Work order
Since only the words are wanted, reproduce every entry exactly and leave the images behind.
Start of Block
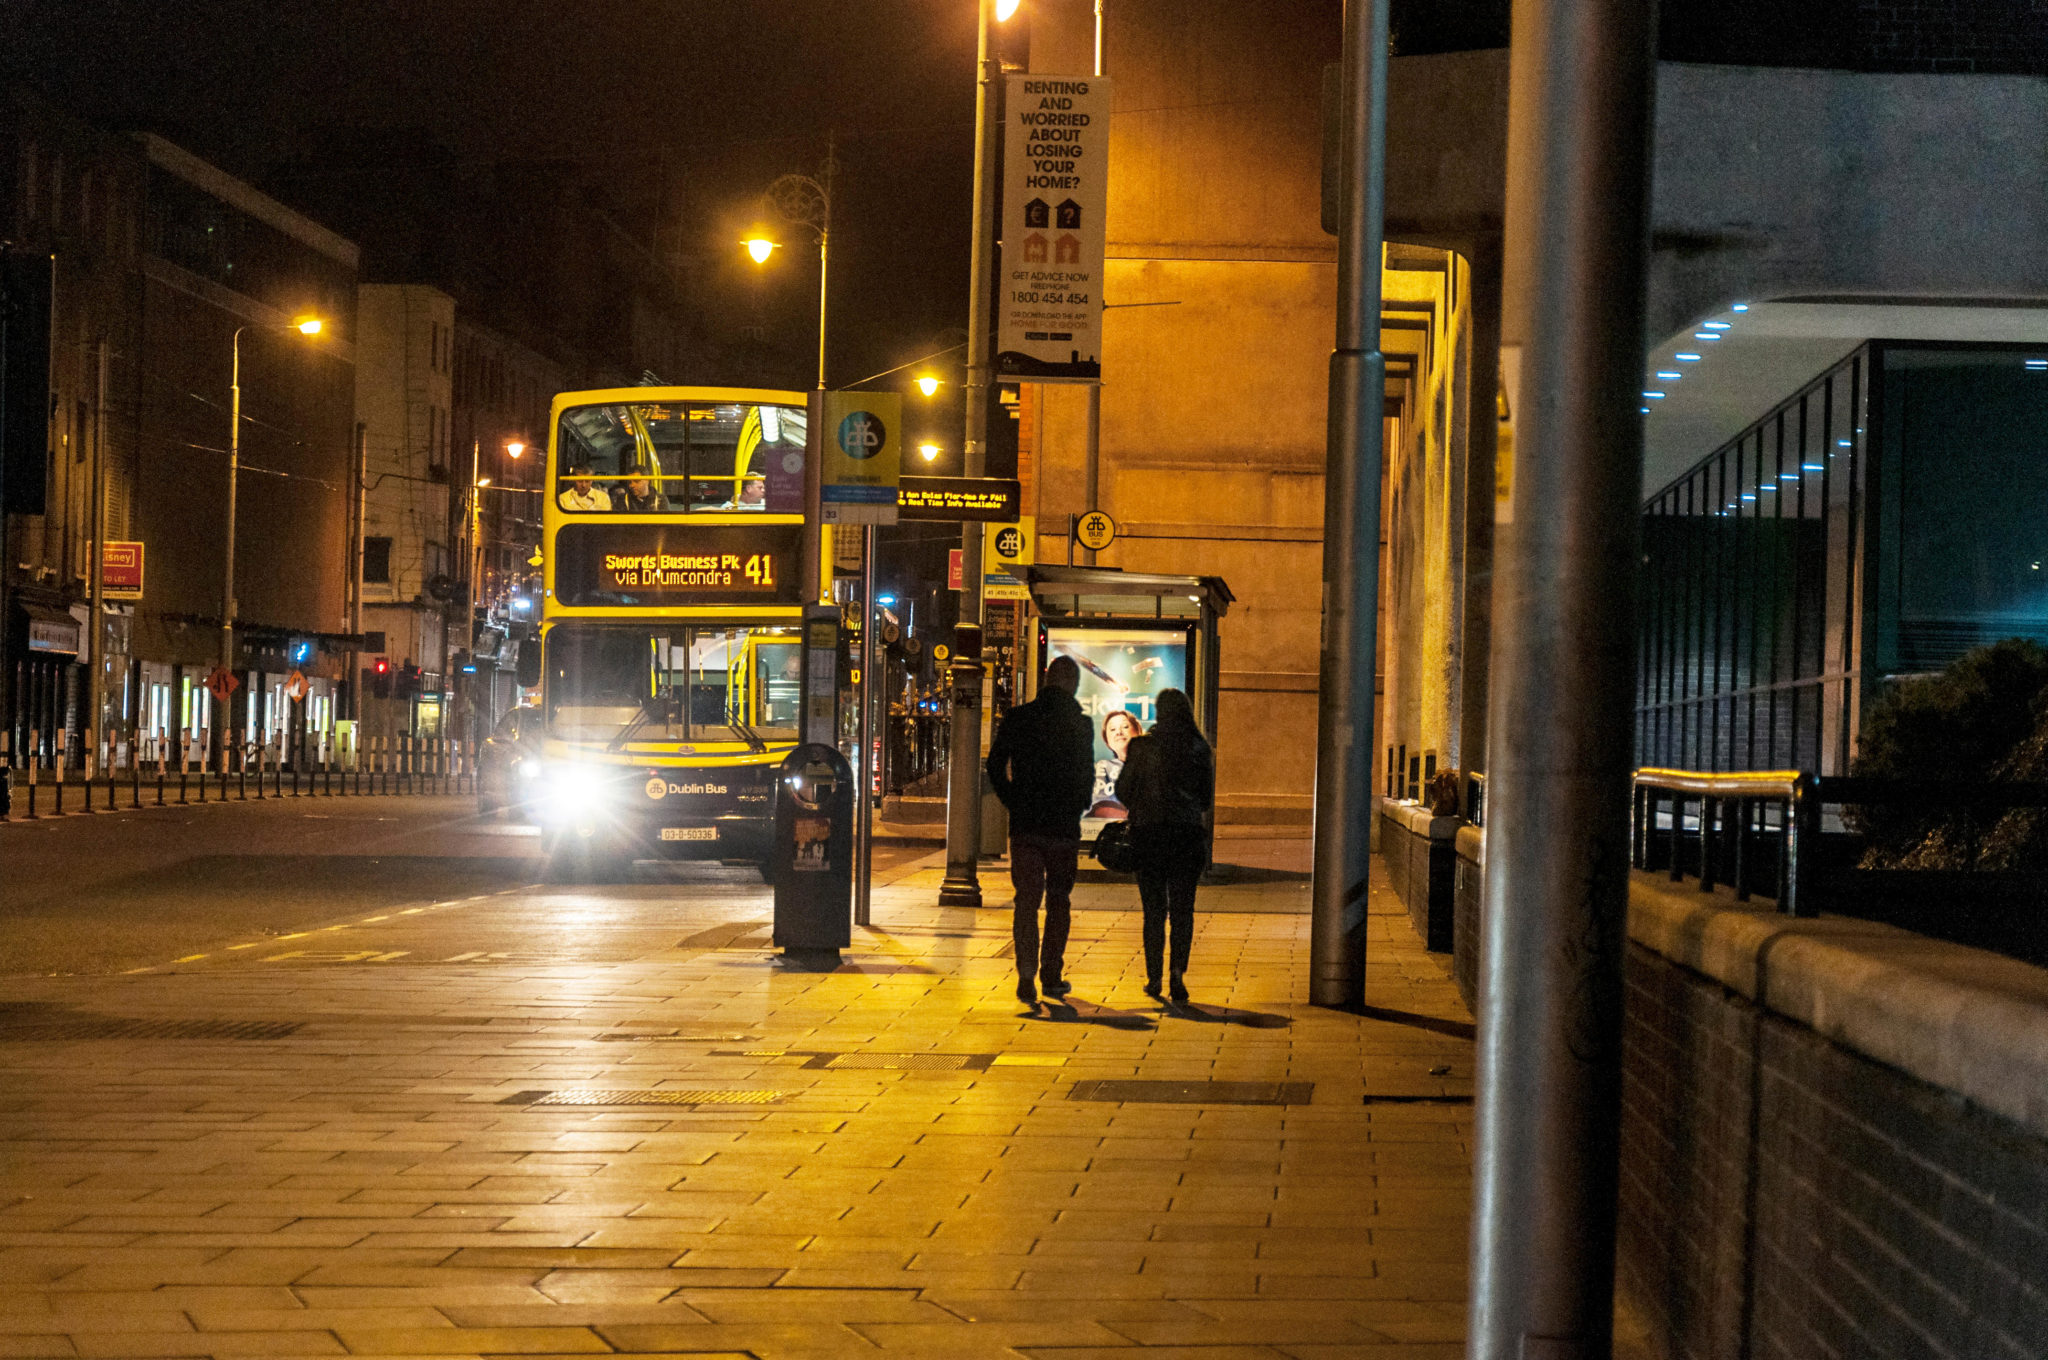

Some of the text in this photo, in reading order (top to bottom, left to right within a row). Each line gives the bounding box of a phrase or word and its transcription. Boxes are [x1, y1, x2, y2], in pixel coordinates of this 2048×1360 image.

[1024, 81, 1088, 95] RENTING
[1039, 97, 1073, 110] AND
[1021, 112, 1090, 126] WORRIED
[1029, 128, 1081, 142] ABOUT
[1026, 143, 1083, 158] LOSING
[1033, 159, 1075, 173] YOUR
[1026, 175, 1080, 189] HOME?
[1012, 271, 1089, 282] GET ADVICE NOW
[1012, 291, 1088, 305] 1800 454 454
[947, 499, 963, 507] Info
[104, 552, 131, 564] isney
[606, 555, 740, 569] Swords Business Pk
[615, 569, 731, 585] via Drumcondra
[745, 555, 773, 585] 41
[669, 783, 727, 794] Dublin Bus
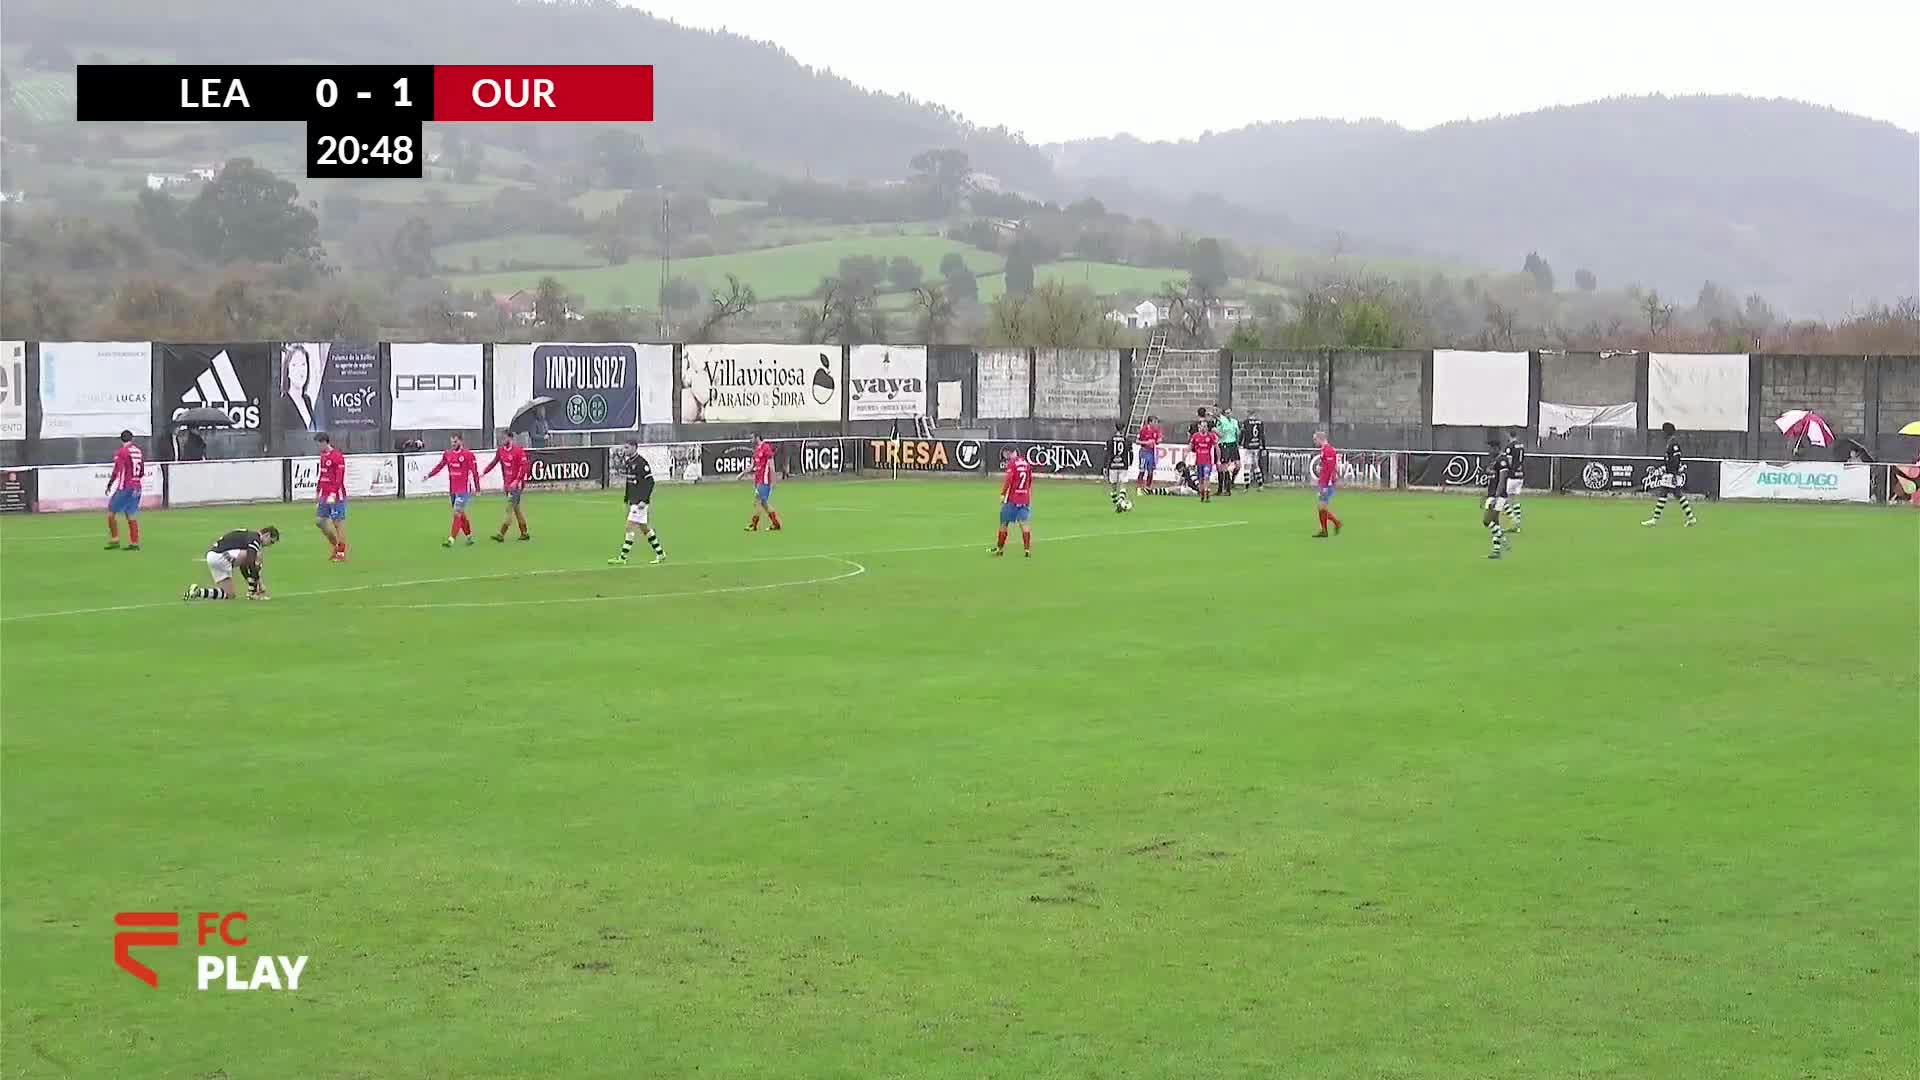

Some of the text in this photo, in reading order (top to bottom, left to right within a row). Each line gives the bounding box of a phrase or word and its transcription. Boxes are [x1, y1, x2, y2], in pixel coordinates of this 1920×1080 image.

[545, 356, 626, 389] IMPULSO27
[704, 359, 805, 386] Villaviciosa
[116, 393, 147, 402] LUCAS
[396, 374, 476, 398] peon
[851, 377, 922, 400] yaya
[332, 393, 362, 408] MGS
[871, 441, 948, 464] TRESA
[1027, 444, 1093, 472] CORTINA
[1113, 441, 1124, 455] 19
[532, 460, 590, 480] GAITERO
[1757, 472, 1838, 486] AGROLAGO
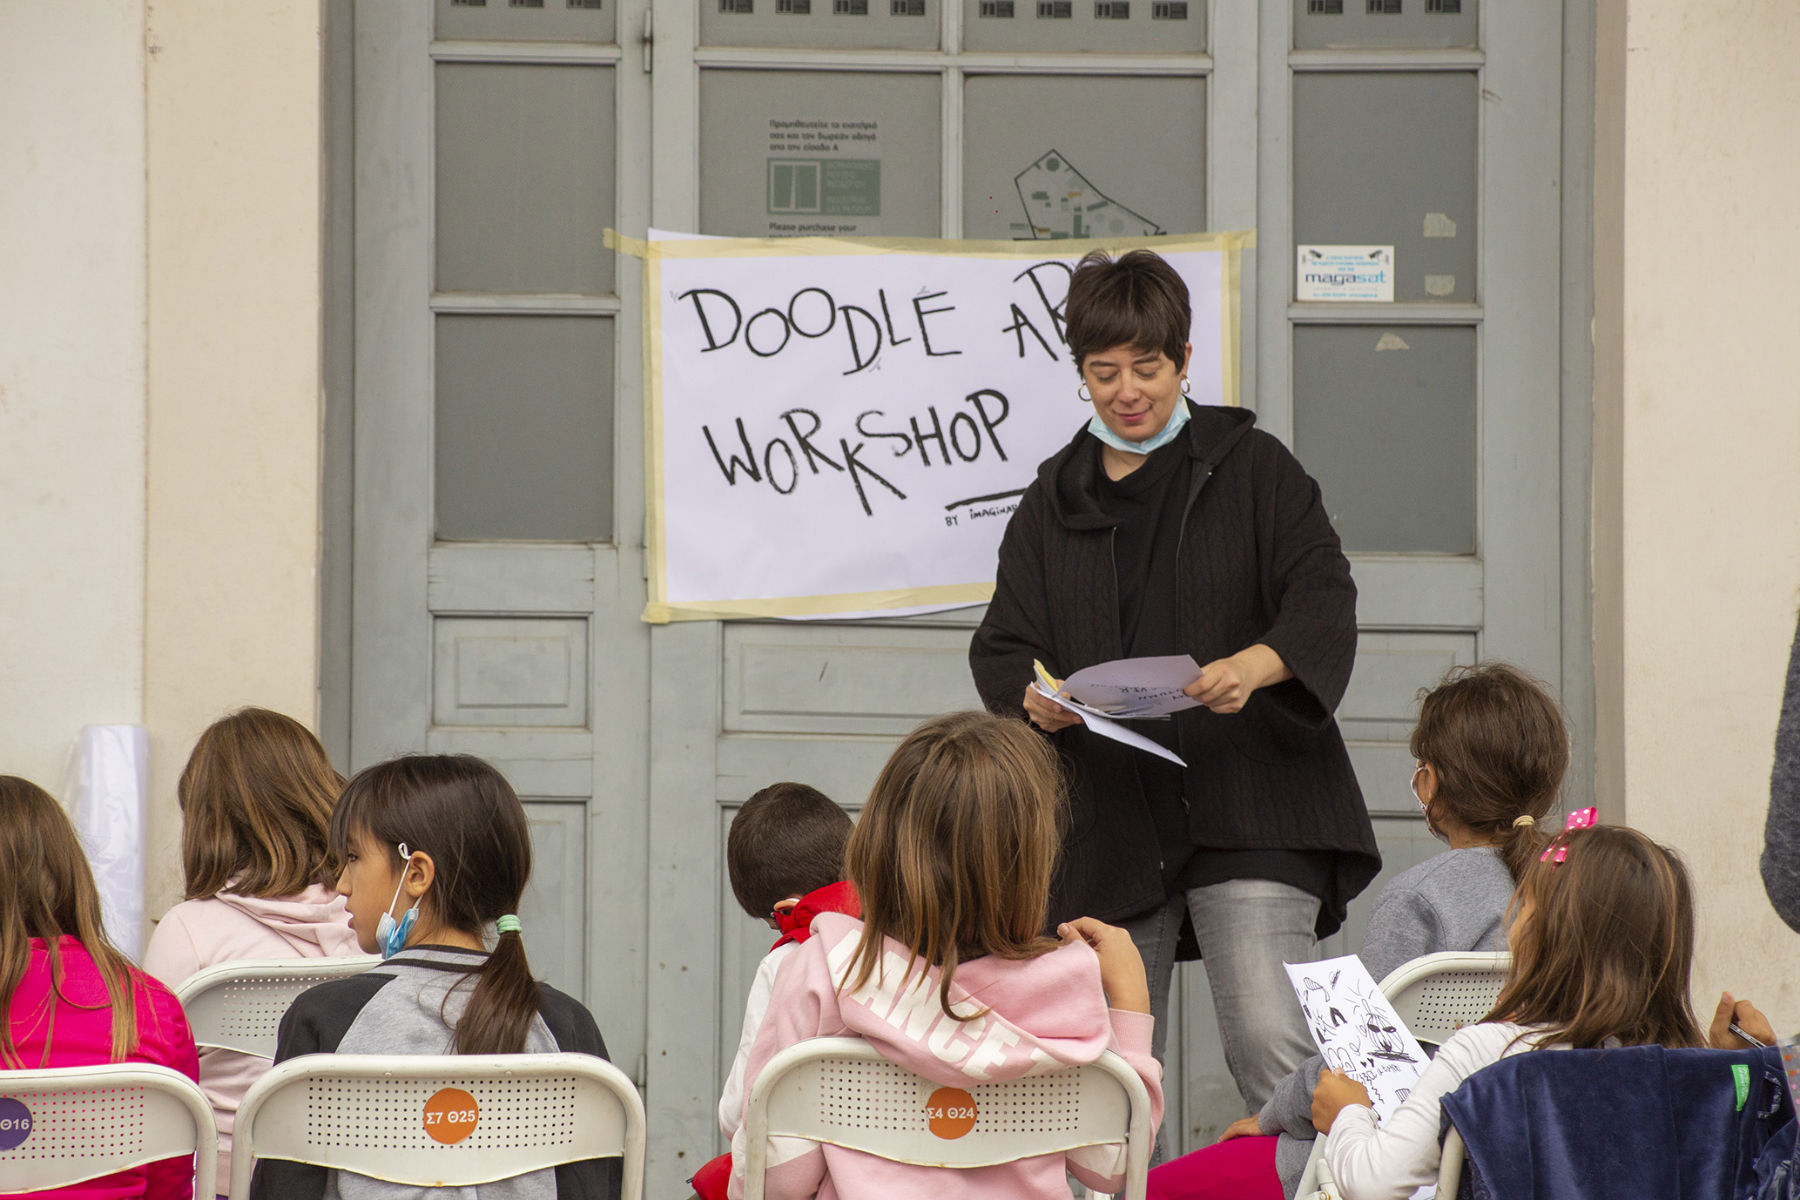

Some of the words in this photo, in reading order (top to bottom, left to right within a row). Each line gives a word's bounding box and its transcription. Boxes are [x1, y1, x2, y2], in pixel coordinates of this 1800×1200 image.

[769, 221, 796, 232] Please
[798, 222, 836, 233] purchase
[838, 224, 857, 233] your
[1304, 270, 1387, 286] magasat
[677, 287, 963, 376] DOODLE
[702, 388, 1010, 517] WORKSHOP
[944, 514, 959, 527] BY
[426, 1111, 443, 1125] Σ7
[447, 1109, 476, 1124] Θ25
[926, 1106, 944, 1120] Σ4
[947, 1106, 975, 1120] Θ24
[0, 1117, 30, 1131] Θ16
End of Block
Result of this exercise
Some of the text in this photo, in reading order (top to bottom, left to right within a row). Each line gives the bounding box of a phrase or word and its transcription. Boxes are [x1, y1, x2, y2], in pixel coordinates of this 2048×1360 image.

[1024, 81, 1088, 95] RENTING
[1039, 97, 1073, 110] AND
[1021, 112, 1090, 126] WORRIED
[1029, 128, 1081, 142] ABOUT
[1026, 143, 1083, 158] LOSING
[1033, 159, 1075, 173] YOUR
[1026, 175, 1080, 189] HOME?
[1012, 271, 1089, 282] GET ADVICE NOW
[1012, 291, 1088, 305] 1800 454 454
[947, 499, 963, 507] Info
[104, 552, 131, 564] isney
[606, 555, 740, 569] Swords Business Pk
[615, 569, 731, 585] via Drumcondra
[745, 555, 773, 585] 41
[669, 783, 727, 794] Dublin Bus

Some of the text in this photo, in reading order (top to bottom, left to right within a row). Each line gives the bounding box of a phrase or word and its transcription. Boxes are [x1, y1, x2, y2], in pixel coordinates of this 1920×1080 image.

[545, 356, 626, 389] IMPULSO27
[704, 359, 805, 386] Villaviciosa
[116, 393, 147, 402] LUCAS
[396, 374, 476, 398] peon
[851, 377, 922, 400] yaya
[332, 393, 362, 408] MGS
[871, 441, 948, 464] TRESA
[1027, 444, 1093, 472] CORTINA
[1113, 441, 1124, 455] 19
[532, 460, 590, 480] GAITERO
[1757, 472, 1838, 486] AGROLAGO

Some of the words in this photo, in reading order (top to bottom, left to right within a row). Each line gives a word's bounding box and its transcription. Boxes are [x1, y1, x2, y2], in pixel coordinates of this 1800×1200 image.

[769, 221, 796, 232] Please
[798, 222, 836, 233] purchase
[838, 224, 857, 233] your
[1304, 270, 1387, 286] magasat
[677, 287, 963, 376] DOODLE
[702, 388, 1010, 517] WORKSHOP
[944, 514, 959, 527] BY
[426, 1111, 443, 1125] Σ7
[447, 1109, 476, 1124] Θ25
[926, 1106, 944, 1120] Σ4
[947, 1106, 975, 1120] Θ24
[0, 1117, 30, 1131] Θ16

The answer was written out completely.